BANGOR – As of this moment, we here in Bangor – along with people across the globe – continue to deal with the circumstances of the coronavirus pandemic. That said, as difficult as it might be to comprehend right now, it will eventually end. Even now, we are getting glimpses of hope, hints at a possible light at the end of this long tunnel. COVID-19 will become a tragic memory.

And we should remember.

That’s what Sean Faircloth has tried to do with “Pandemic Strolls Bangor: One City in the Year of Covid.” From the early, confusing days of March through the long summer and into the autumn, Faircloth walked the streets of Bangor every day, taking pictures of what he saw.

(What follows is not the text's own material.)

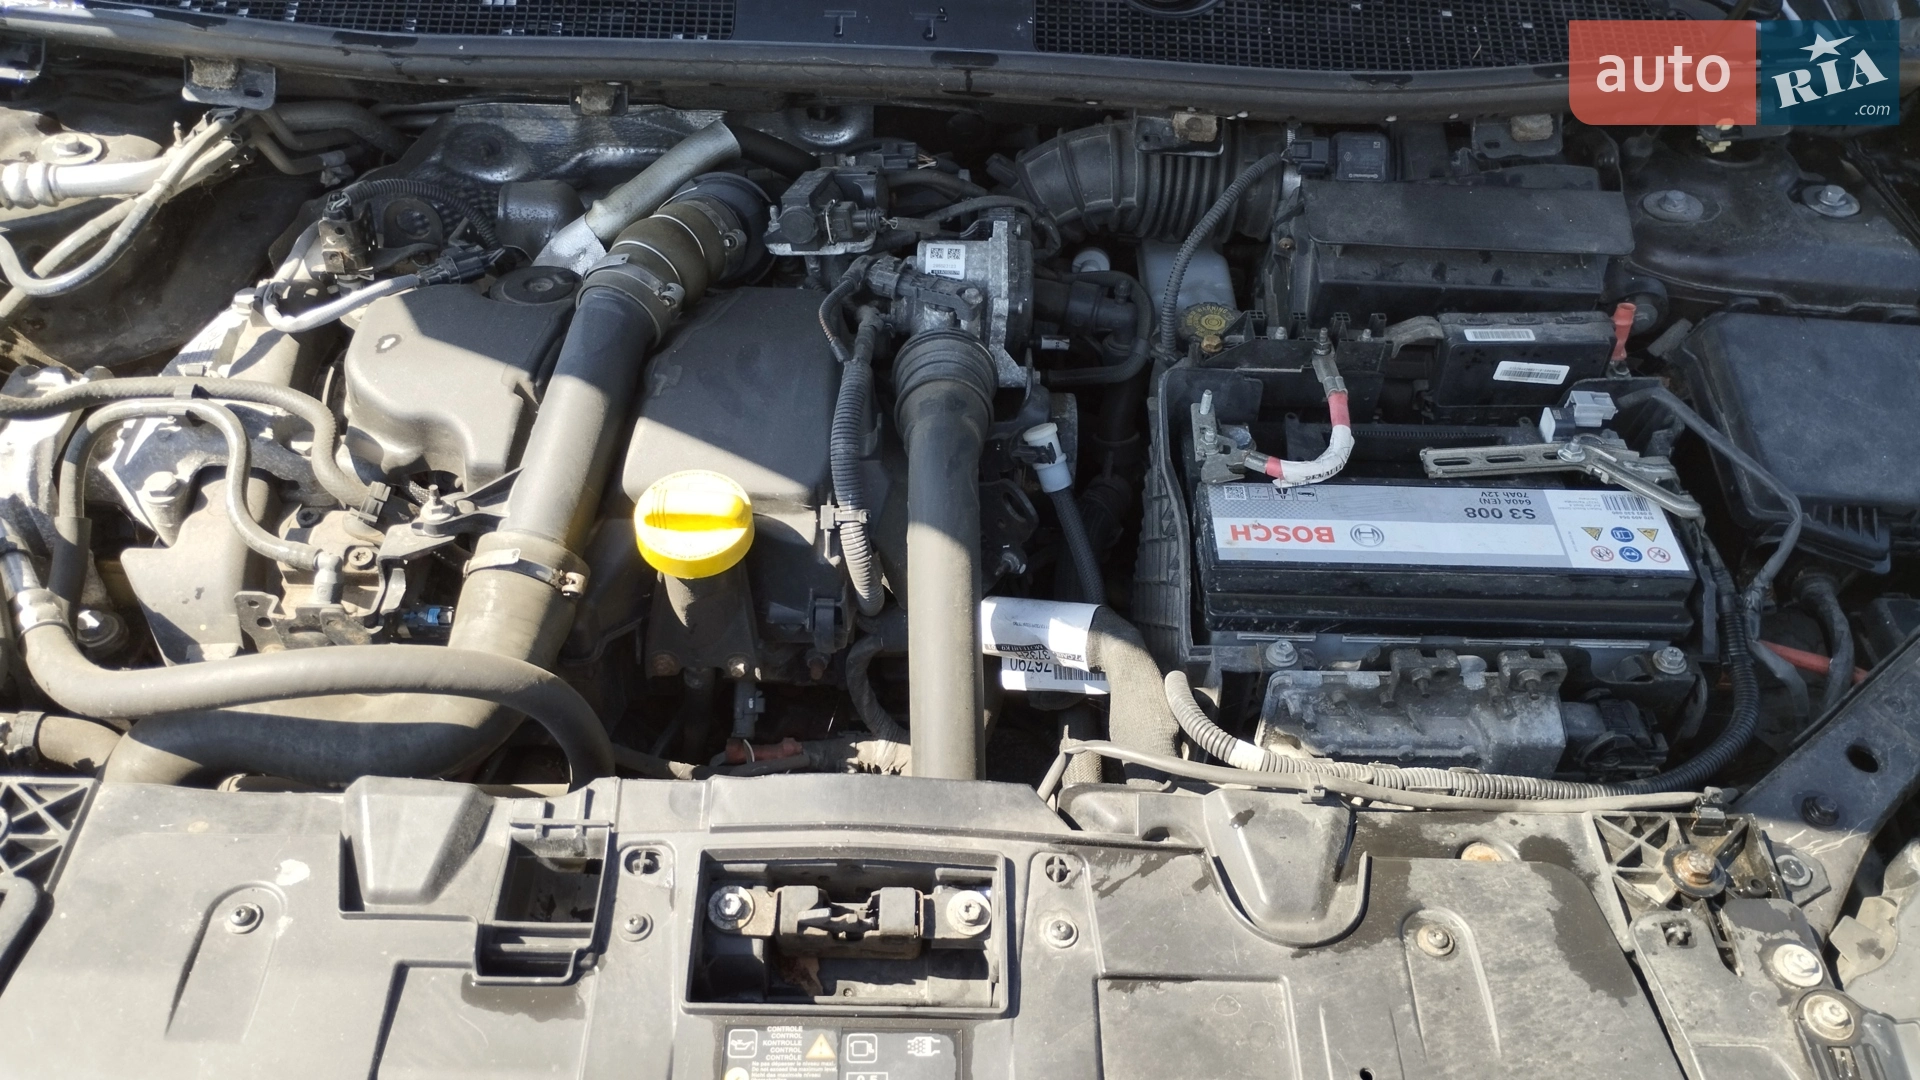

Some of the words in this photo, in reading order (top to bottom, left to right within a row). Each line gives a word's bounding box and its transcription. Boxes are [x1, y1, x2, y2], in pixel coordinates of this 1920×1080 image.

The end result is a visual documentation of some of what our city experienced over these too-long months.

Every photo in this book was taken within the city limits of Bangor. There was no specific intent initially; Faircloth was simply walking around town in an effort to escape the confines of home, to get out into the open air and engage in a little exercise. Along the way, he started taking photos; gradually, these photos coalesced into something more – this project.

In the preface, Faircloth discusses the importance of memory and wonders how exactly this time will be remembered in the years and decades to come. How will our perception of what was be altered by what is to come? These photos – this book – is an effort to codify and record the moment in the moment, capturing a snapshot of this unique time and place.

Now, these photos run the gamut. Many of them are lovely portraits of togetherness and tenderness, but not all of them. There are some that offer a much bleaker look at the world in which we live, taken from angles that not all of us get the chance to see. That dichotomy is part of the package; two sides of the same coin. There’s beauty here, yes, but there’s also struggle. By including both, Faircloth has given us an honest perspective on his city.

Regardless, it’s a record. A chance to be reminded. And sure, we may not want to be reminded of all of this anytime soon, but there may come a time when the currency of it all has faded and we need to show ourselves what it looked like in the moment.

Faircloth would be the first to tell you that he isn’t a professional photographer, but this isn’t about perfect lighting or framing or composition (though he does capture some striking images). This is about conveying feeling, the spirit of the time, and in that respect, he definitely succeeds.

All proceeds from the sale of the book will go to benefit Together Place Peer Run Recovery Center, an organization whose important work has been significantly impacted – financially and otherwise – by the pandemic. Copies cost $20 and will be available for purchase at a number of area establishments. However, that isn’t the only way to procure your copy. Committing to a monthly donation of $10 for Together Place gets you a book. A donation of $15 gets you two, $20 three. On and on up to a $50 monthly commitment that will land you nine copies of the book, a wonderful gift for anyone who loves this town.

“Pandemic Strolls Bangor” is a record of a time that we might hope to forget. But within these pages is a representation of our city’s determination. We all have our highs and lows, our triumphs and tragedies; we always have, though they may feel heightened by the current moment. And again, it’s an opportunity to support one of Bangor’s important organizations. A purchase of this book will help someone, and now more than ever, we should all be looking for ways to help.